Johannes van Keulen (1654-1715) was a Dutch cartographer born in Deventer and operating from Amsterdam in the 17th and early 18th centuries. He created several important nautical atlases and pilot guides, the most famous of which were his Zee-Atlas and the five-volume nautical guide, Nieuwe Lichtende Zee-Fakkel (New Shining Sea Torch). Johannes van Keulen established his business – In the Gekroonde Lootsman (In the Crowned Pilot) – in 1678, and within a few years he acquired both a partner in Claes Janzoon Vooght and a protective patent for his charts. The latter not only allowed him to publish and print maritime atlases and guides, but also meant that the Dutch State protected his published charts from being replicated without permission.

As many of Van Keulen’s works were wholly original maps designed specifically for Dutch nautical use, creating them came at considerable expense. The protection offered by the patent was therefore a crucial legal precondition for the success of his business. But it was also a symbolic cementation of Holland’s independent rights as a nation. Together, Vooght and Van Keulen created a massive five-volume nautical atlas entitled Nieuwe Lichtende Zee-Fakkel, which was published from 1681 to 1684 and contained over 130 completely new nautical charts. It was, at the time, the most comprehensive and up-to-date maritime atlas available on the market. As such, it had a huge impact in Dutch nautical circles and would eventually help secure the cartographic reputation and esteem of his son, grandson, and great grandson.

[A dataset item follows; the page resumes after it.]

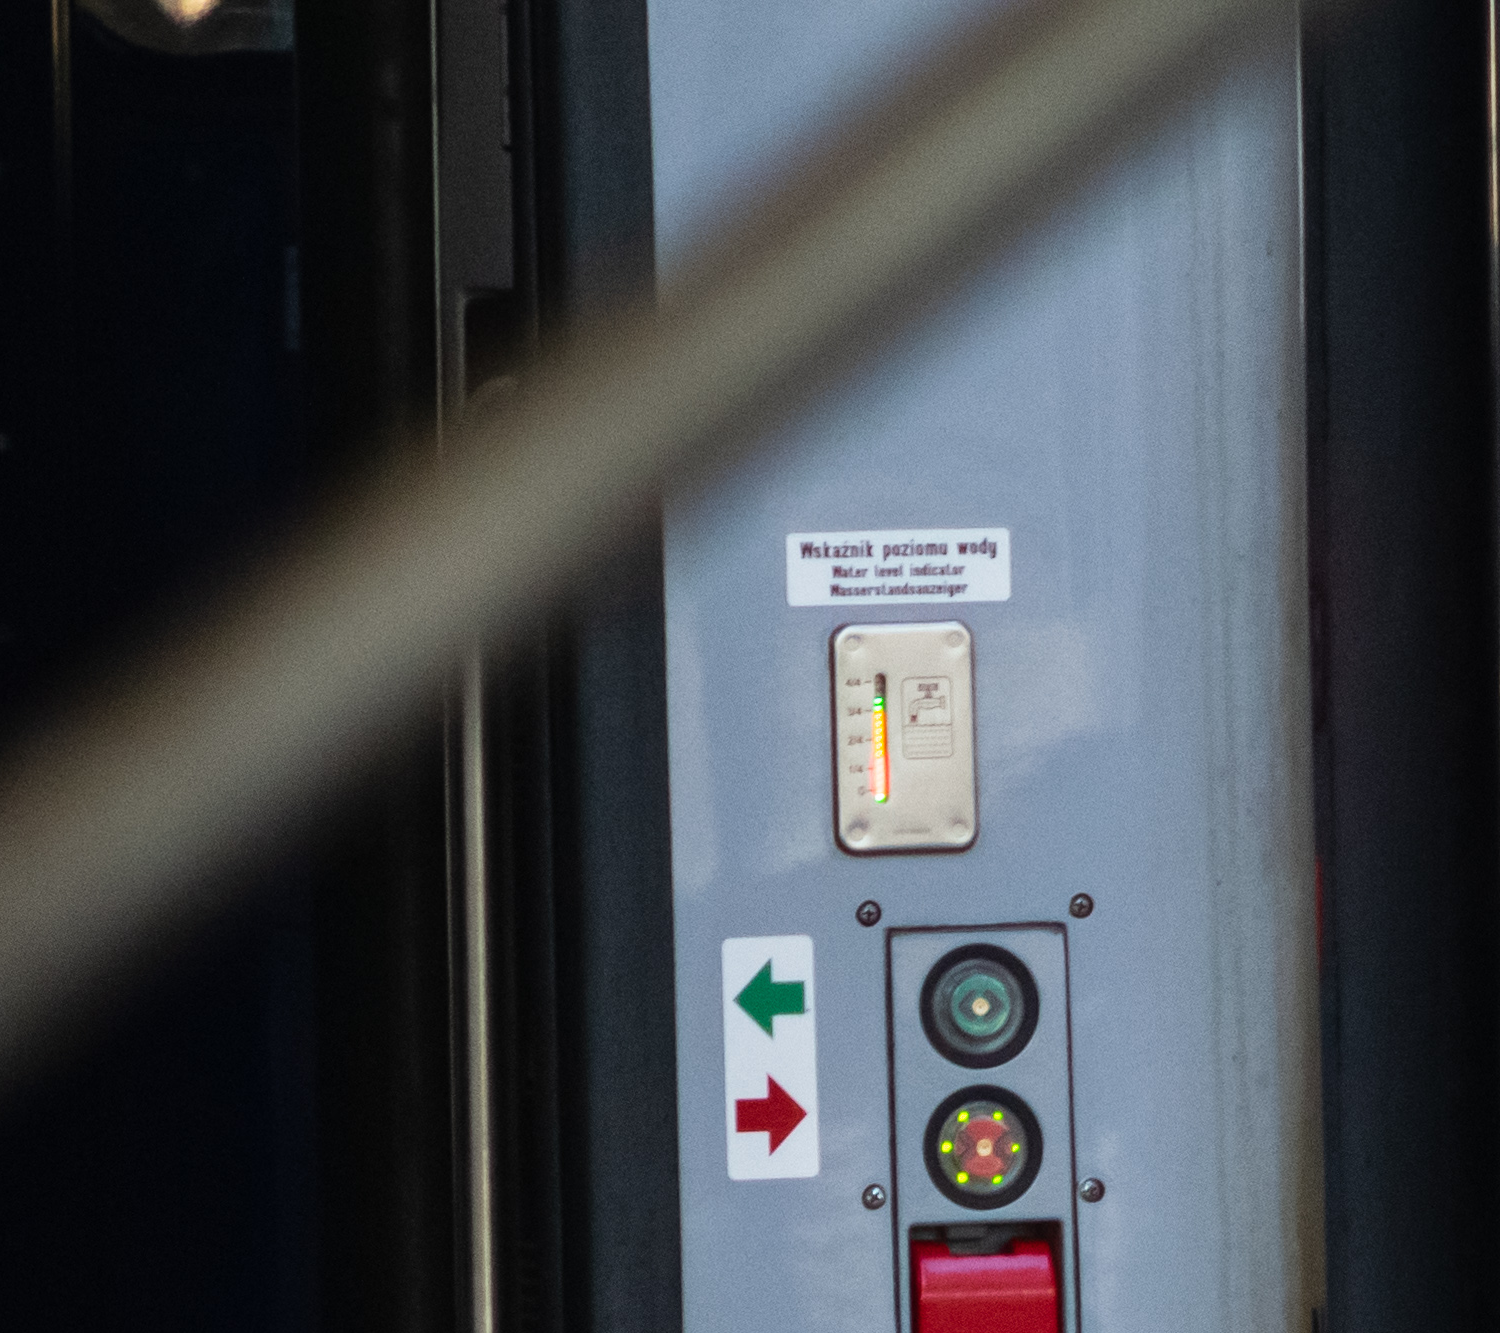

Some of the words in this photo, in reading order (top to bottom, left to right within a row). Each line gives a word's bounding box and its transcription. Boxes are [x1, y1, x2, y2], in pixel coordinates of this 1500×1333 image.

The first volume of the Zee-Fakkel focused on northern Europe, with charts of the North and Baltic Seas, the Gulf of Finland, St. Petersburg, Denmark, Norway, and the Scandinavian coast up to Archangel in northern Russia. The second volume dealt with the western shipping routes, especially along the English Channel, and along the coasts of Flanders, France, Spain, and Portugal. The third volume covered the Mediterranean from Gibraltar to Turkey. All three volumes were hugely influential and quickly became the dominant guide for maritime trade.

The fourth and fifth volumes of the Zee-Fakkel were dedicated to Holland’s early interests outside Europe, in particular in North America, the Caribbean and Brazil. Here too, shipping routes and trade were paramount and the latter volumes constituted an important tool for the Dutch West India Company operating throughout these waters in late 17th century. It was in a later edition of the fifth volume that this spectacular chart of Java was first published.

Johannes van Keulen’s son, Gerard Van Keulen (1678-1726), was a talented engraver and mathematician who apprenticed with his father and took over the business in 1714. He continued working along the lines of his father, using his notes and charts as the basis for creating new editions of his their important volumes. But he also expanded these works by exploring the new territories gradually opening up in the east and west. To accomplish this, he cultivated new relations with cartographers, traders, mariners, and Company-men.

In order to build his own reputation, Gerard van Keulen drew on his father’s publications, patent rights and position in Dutch society. He nevertheless also cultivated new partnerships, which included the Dutch East India Company. Gerard van Keulen’s close ties to the Company meant he had access to their otherwise closely guarded archives. The charts and notes from hundreds of mariners found in this vast repository formed the basis for new and revised maps of Asia, which soon became renowned throughout Europe for their accuracy. The most important of these was of course his chart of Java, the crown jewel of the Dutch colonial empire.

Finally, he secured his position by winning the necessary privileges that had allowed his father to build the business in the first place. The importance of this is underlined in the upper right corner of the map, which contains the mapmaker’s name and emphasizes his status as privileged (met Privilegie).

The van Keulen dynasty was continued for several generations with Johannes II (1704-1755) adding further maps of Asia to his grandfather’s atlas and Gerard Hulst van Keulen (1733-1801) issuing a final edition of the Zee-Fakkel. In addition to the maps made by Vooght and four generations of Van Keulens, the many editions of the Zee-Fakkel also contain maps by non-Dutch cartographers such as Murdoch Mackenzie (a minister and prelate who mapped the north Scottish seas). Similarly, the Mediterranean volume contains maps that were copied from the French shipping guide Le portulan de la mer Méditerranée by H. Michelot from 1709, of which a Dutch edition appeared in 1745.

The sixth volume of the Zee-Fakkel, which was a final elaboration of Asian waters to which our chart belongs, contains images and maps of Indonesian harbors that originally had been published in the five volume work Oud en Nieuw Oost Indiën (‘Old and New East Indies’), compiled by Francios Valentijn in the 1720s. There was nothing suspect about the adaptation and inclusion of these maps within the greater framework of the Zee-Fakkel. Indeed, the van Keulen firm had bought the rights of both Michelot’s and Valentijn’s works upon their deaths.